BRIEF:
Keep the wording of every entry intact in your copy, and omit the pictures.

(Phrase grounding data)
******************************
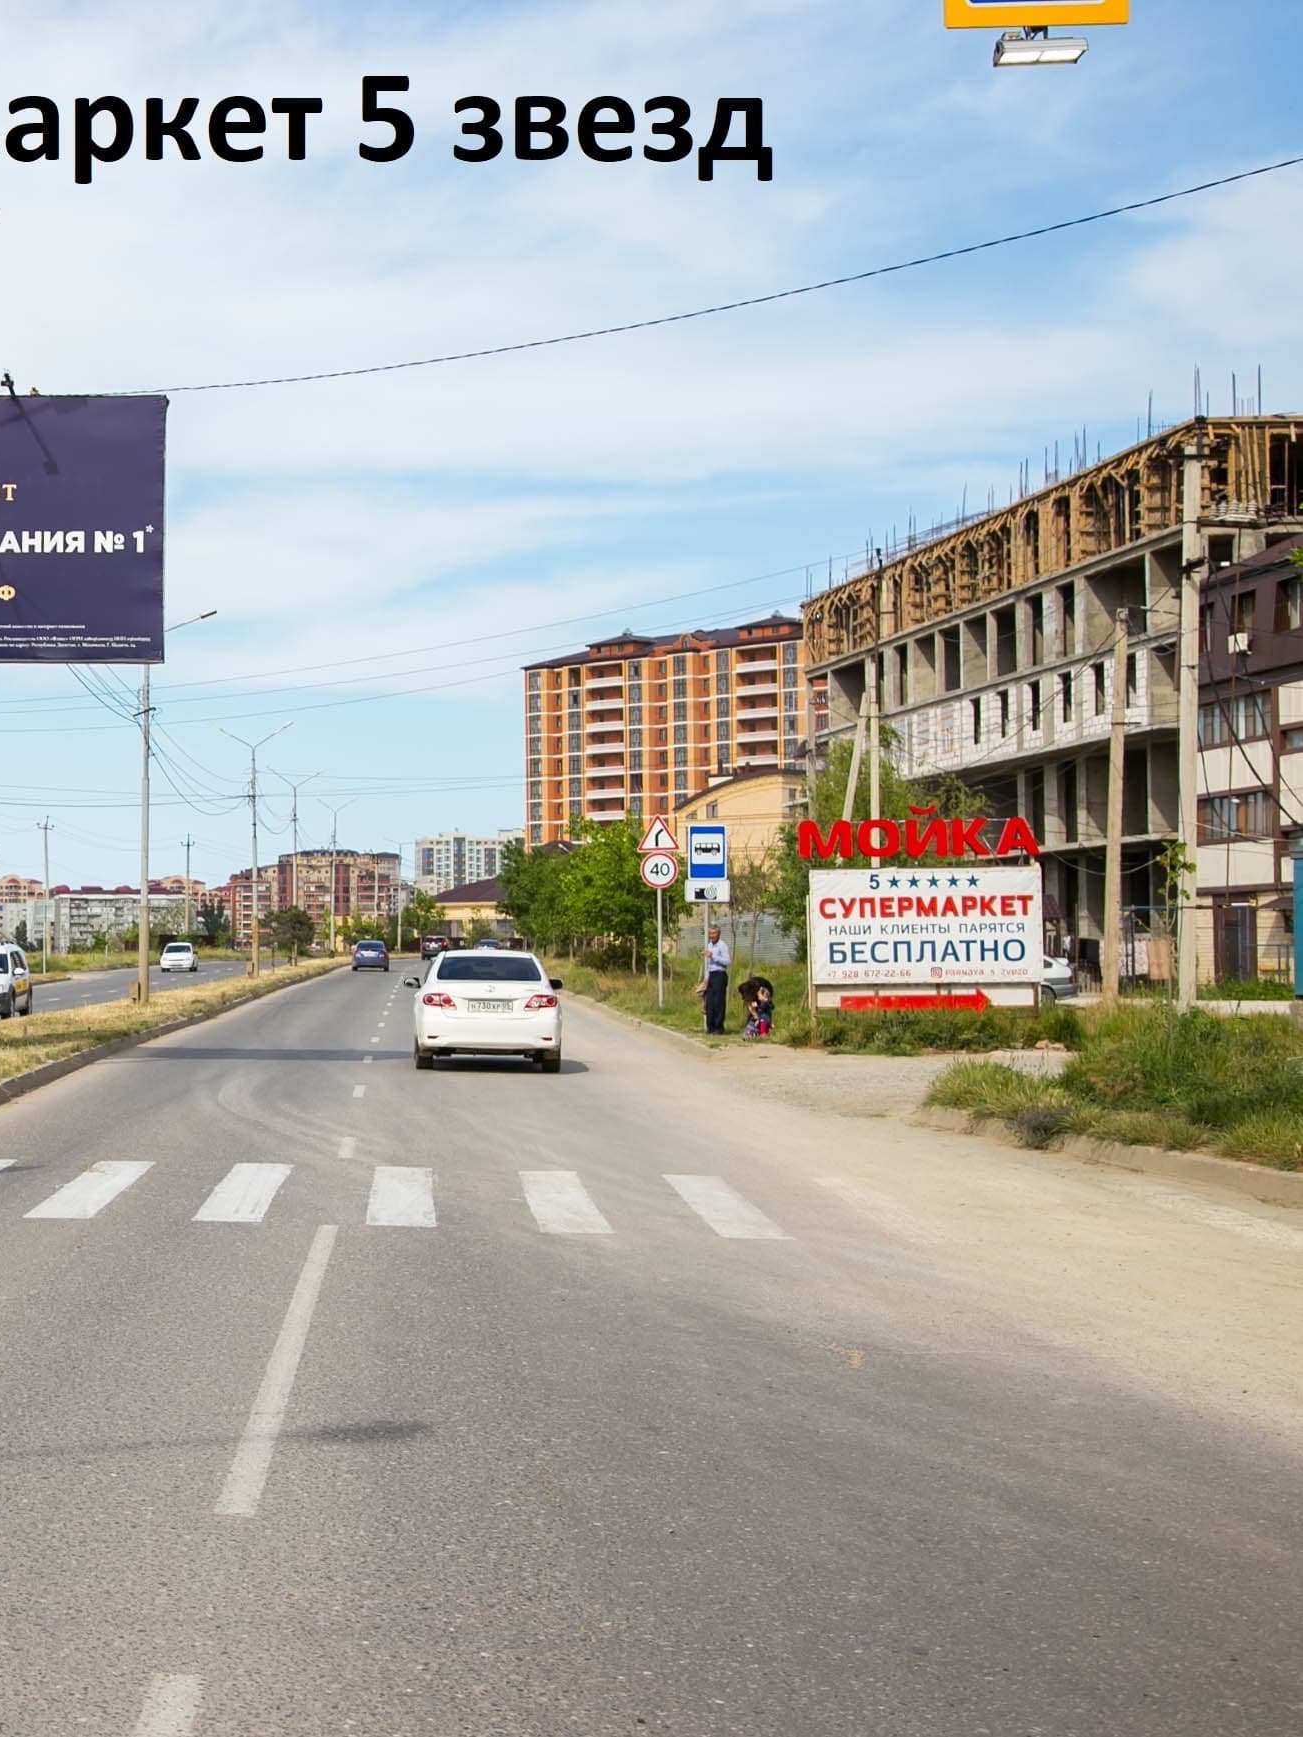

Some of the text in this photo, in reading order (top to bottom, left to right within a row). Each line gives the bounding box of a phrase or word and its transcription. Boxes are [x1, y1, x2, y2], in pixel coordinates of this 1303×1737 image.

[94, 530, 125, 553] №
[797, 804, 1040, 859] МОЙКА
[650, 863, 670, 876] 40
[869, 874, 880, 890] 5
[818, 894, 1033, 919] СУПЕРМАРКЕТ
[829, 922, 1025, 935] НАШИ КЛИЕНТЫ ПАРЯТСЯ
[829, 938, 1027, 964] БЕСПЛАТНО
******************************
ANSWER TO THIS TASK:
Some of the text in this photo, in reading order (top to bottom, left to right within a row). Each line gives the bounding box of a phrase or word and its transcription. Boxes are [x1, y1, x2, y2], in pixel coordinates of this 1303×1737 image.

[94, 530, 125, 553] №
[797, 804, 1040, 859] МОЙКА
[650, 863, 670, 876] 40
[869, 874, 880, 890] 5
[818, 894, 1033, 919] СУПЕРМАРКЕТ
[829, 922, 1025, 935] НАШИ КЛИЕНТЫ ПАРЯТСЯ
[829, 938, 1027, 964] БЕСПЛАТНО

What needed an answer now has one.